Susan Rovner’s MicroCo Bets on ‘Joy Scrolling’ and the High-Speed Microdrama Production Pace
Former NBCU content chief Susan Rovner is now in the business of “joy scrolling” with her microdramas venture, MicroCo (as opposed to doom scrolling, of course).
The executive revealed that since audiences are already addicted to scrolling on their devices, they might as well be consuming scripted content that gives an escape rather than real-world content that makes them wallow.
The yet-to-be-released platform MicroCo was founded by Hollywood executives Rovner, Jana Winograde, Cineverse and Lloyd Braun’s venture firm Banyan. Though it comes from creatives from traditional entertainment unlike some other apps, Rovner insisted the app is not attempting to reinvent the wheel.
“I personally feel like there’s a lack of respect sometimes for the audience of these and you hear things like they’re cheesy,” she said in March. “That bothers me to no end. There is a really big fandom here that needs to be respected, and that should be respected.”
Rovner, chief creative officer of MicroCo, was joined on the Warner Bros. lot by Matthew Ko, CEO of Knockout Shorts; Silas Wang, head of talent and brand partnerships at DramaBox; and Vivian Anan Wang, head of content at Crisp Momentum, for a Hollywood Radio and Television Society panel last month. Fox Entertainment Studios’ Sara Chiang-Pistono moderated the conversation.
Rovner clarified that, while her venture hopes to elevate the content by expanding genres and reach, MicroCo’s budgets are low in order to compete with leading platforms like ReelShort, GoodShort and MyDrama. It’s her plan to appeal to the dedicated fanbase rabidly consuming this content.
“Traditional media stopped making soap operas and stopped making mid-range romances. It wasn’t cost-effective,” Rovner explained. “And just because you stop making it doesn’t mean that people don’t want it.
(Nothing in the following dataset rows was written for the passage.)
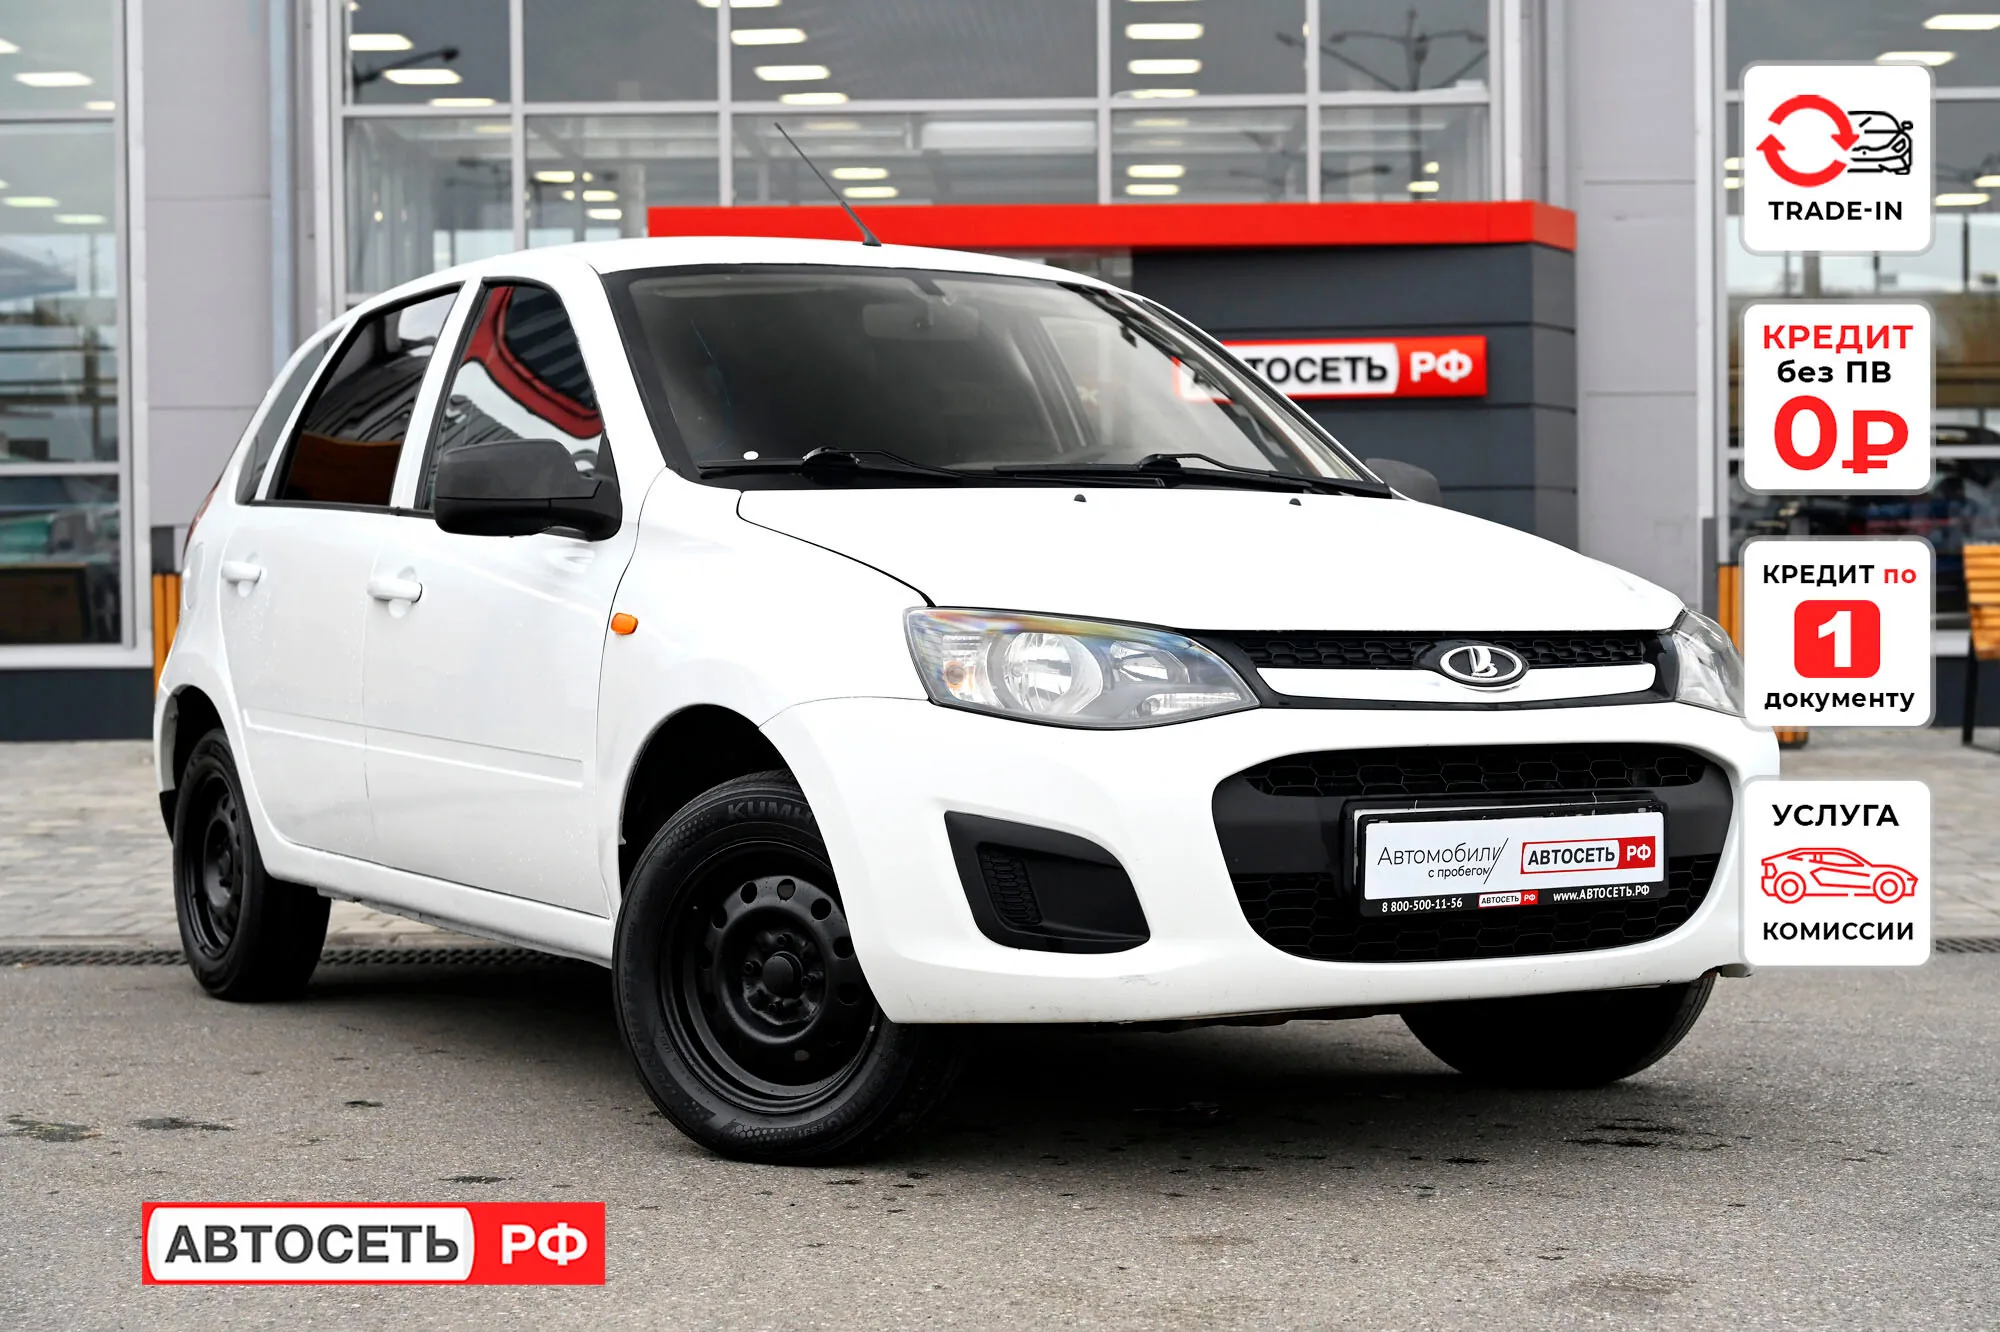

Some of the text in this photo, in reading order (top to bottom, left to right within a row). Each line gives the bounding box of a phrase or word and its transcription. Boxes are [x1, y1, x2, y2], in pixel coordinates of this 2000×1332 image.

[1410, 348, 1473, 382] РФ
[1377, 842, 1503, 866] Автомобили
[1528, 844, 1651, 866] АВТОСЕТЬ РФ
[1428, 870, 1435, 878] с
[1481, 893, 1536, 905] АВТОСЕТЬ РФ
[1553, 884, 1650, 902] www.АВТОСЕТЬ.РФ
[1381, 897, 1463, 913] 8 800-500-11-56
I think the microdrama space came in and saw that there are people who were desperate for this content, and it wasn’t being offered to them.”
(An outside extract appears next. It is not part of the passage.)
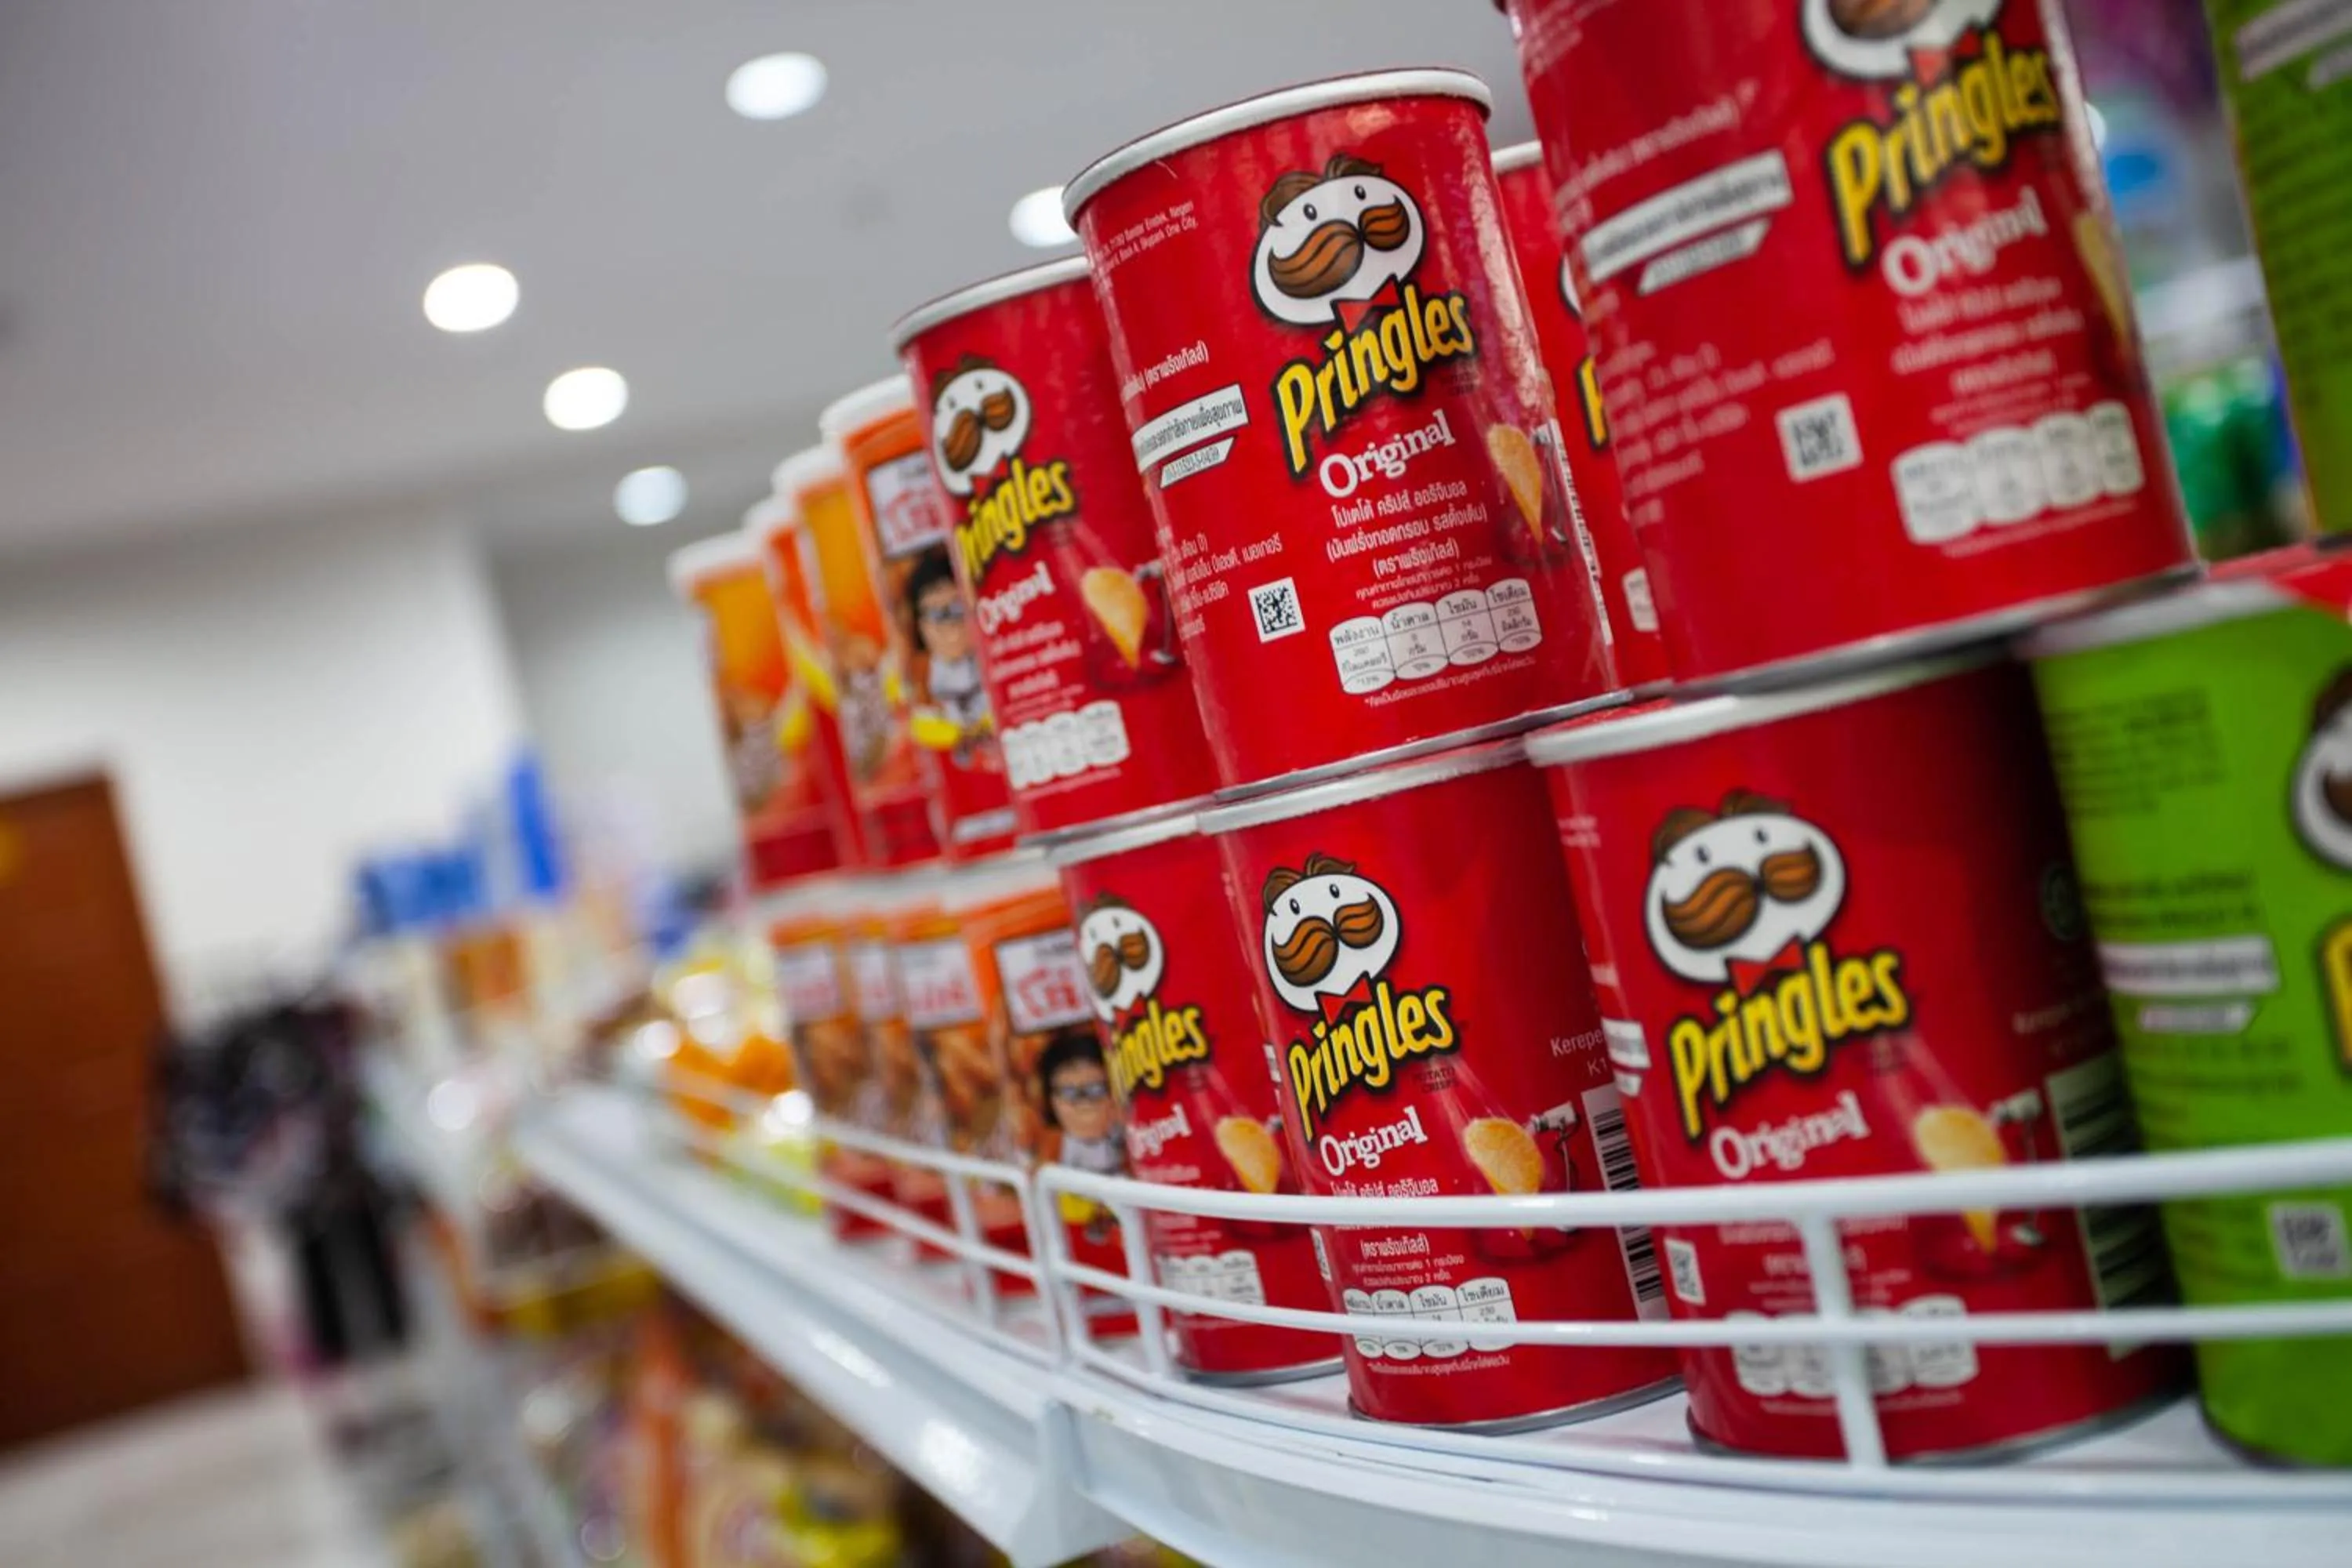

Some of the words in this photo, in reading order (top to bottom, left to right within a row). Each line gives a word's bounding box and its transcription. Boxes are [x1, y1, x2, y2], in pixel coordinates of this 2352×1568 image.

Screenwriter Vivian Anan Wang told the audience that seeing her scripts go from page to a phone screen in a couple of months is thrilling in an industry that has seen mass consolidation.
“Every single script I write is in production in months, and you see it on screen,” she said. “That cured the depression every screenwriter is suffering from.”
While the microdramas space has grown significantly in the U.S. with more Hollywood interest still to come, Silas Wang of DramaBox told the panel that the domestic production is still “Verticals 1.0” compared to China.
“The verticals in China are Vertical 3.0,” he noted. “It really started in similar forms, but in the past few years, it is really growing with the audience. A lot of the verticals in China are very cinematic, so I think that’s where we’re hoping to see.”
Matthew Ko has launched his own microdramas studio, which he says focuses more on elevated storytelling compared to the romantic, soapy tropes prevalent in the microdramas industry today. He clarified that Knockout Shorts will create less output than its competitors but at a higher quality, giving writers and producers “more cushion.”
“We are respecting the audience and giving them the tropes in the format of what they’re used to,” Ko said. “But making some slight variations to bring in creators and influencers and people who are very interested in the space that want to play in it, but might not want to do the traditional buzzy romance.”
The company has also teased that its early projects will feature an Academy Award nominee, making his microdrama debut. “We’re about to go to market with that one – hopefully the people next to me like it,” he further joked.
With many platforms producing nearly 30 productions a month, DramaBox’s head of talent and brand partnerships said that the most fulfilling part of his job is allowing aspiring actors to make their living performing.
“I talk to a lot of actors. Many of them have told me for the first time in their life they’re able to work as an actor without waiting tables and bartending,” Silas Wang shared. “People come here to [Los Angeles] chasing dreams and then they’re stuck waiting tables, and it’s such a beautiful thing that they’re able to live different lives through these characters.”
“With the consolidation obviously that is happening right now in traditional Hollywood, the barrier to entry is enormous,” Rovner added. “The amount of jobs that are being cut every day, the less television shows that are being made, the less features that are being made, there’s less work, and I think the microdrama space has taken down those barriers.”
When asked what is on the horizon for these verticals, Crisp Momentum’s head of content said that she thinks the next step is a free, ad-supported model (microdramas have been largely successful from the coin-based subscription model used by all of the major platforms thus far).
Viewers can watch the first eight to 10 episodes of any series for free before paying a hefty fee per segment. Wang teased that there will be a stark difference in the shows that are free to watch and those you have to pay for, basing her prediction off of the Chinese market.
“Another change that I hope can take place here is shows that really speak to the public sentiment,” she said. “That’s how verticals took off in China, because it’s really tapping into the fear, the anxiety, the things people worry about every day, and I think that that needs to happen here.”